Activity
Copy out every record below exactly as written, but leave out any pictures.

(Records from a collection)
╭──
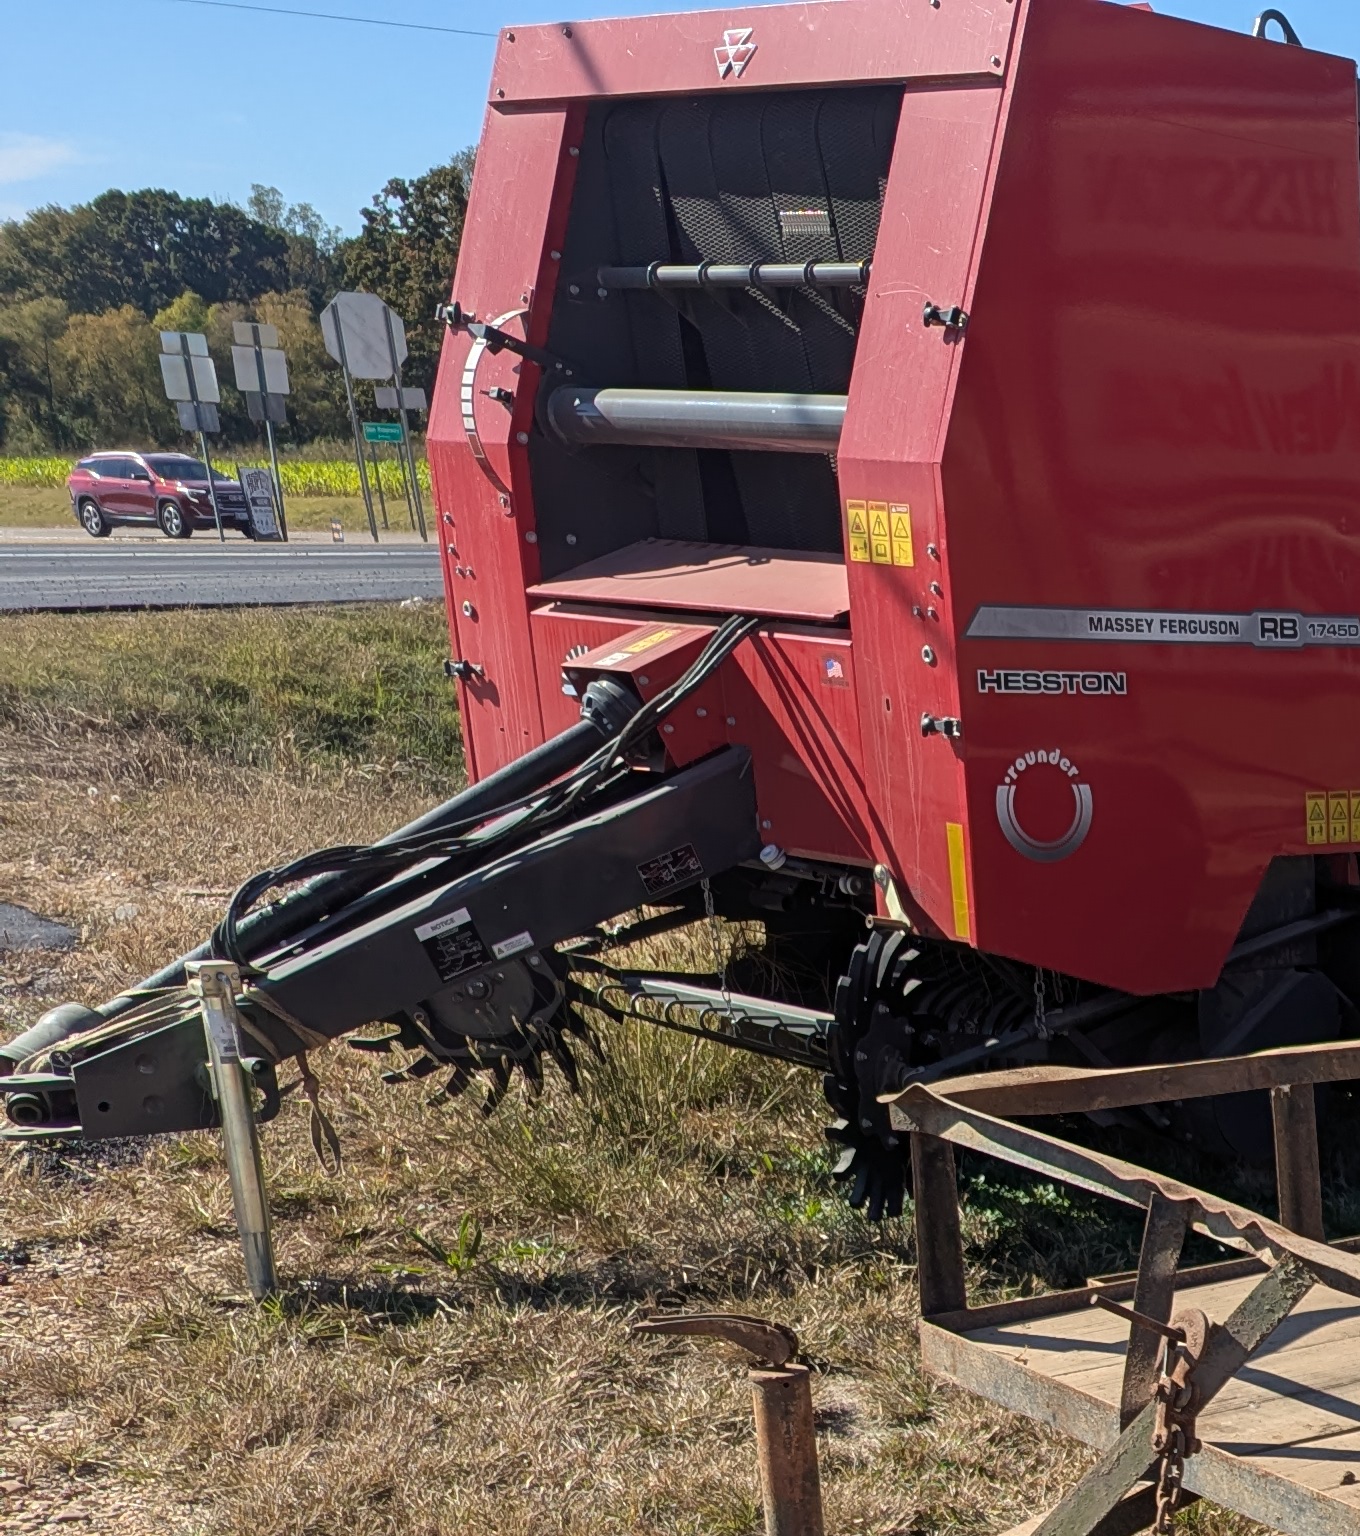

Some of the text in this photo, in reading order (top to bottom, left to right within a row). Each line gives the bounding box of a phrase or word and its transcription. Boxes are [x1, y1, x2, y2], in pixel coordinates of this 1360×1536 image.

[1088, 616, 1154, 634] MASSEY
[1159, 618, 1240, 636] FERGUSON
[1259, 617, 1299, 640] RB
[978, 670, 1127, 694] HESSTON
╰──
Task answer
Some of the text in this photo, in reading order (top to bottom, left to right within a row). Each line gives the bounding box of a phrase or word and its transcription. Boxes are [x1, y1, x2, y2], in pixel coordinates of this 1360×1536 image.

[1088, 616, 1154, 634] MASSEY
[1159, 618, 1240, 636] FERGUSON
[1259, 617, 1299, 640] RB
[978, 670, 1127, 694] HESSTON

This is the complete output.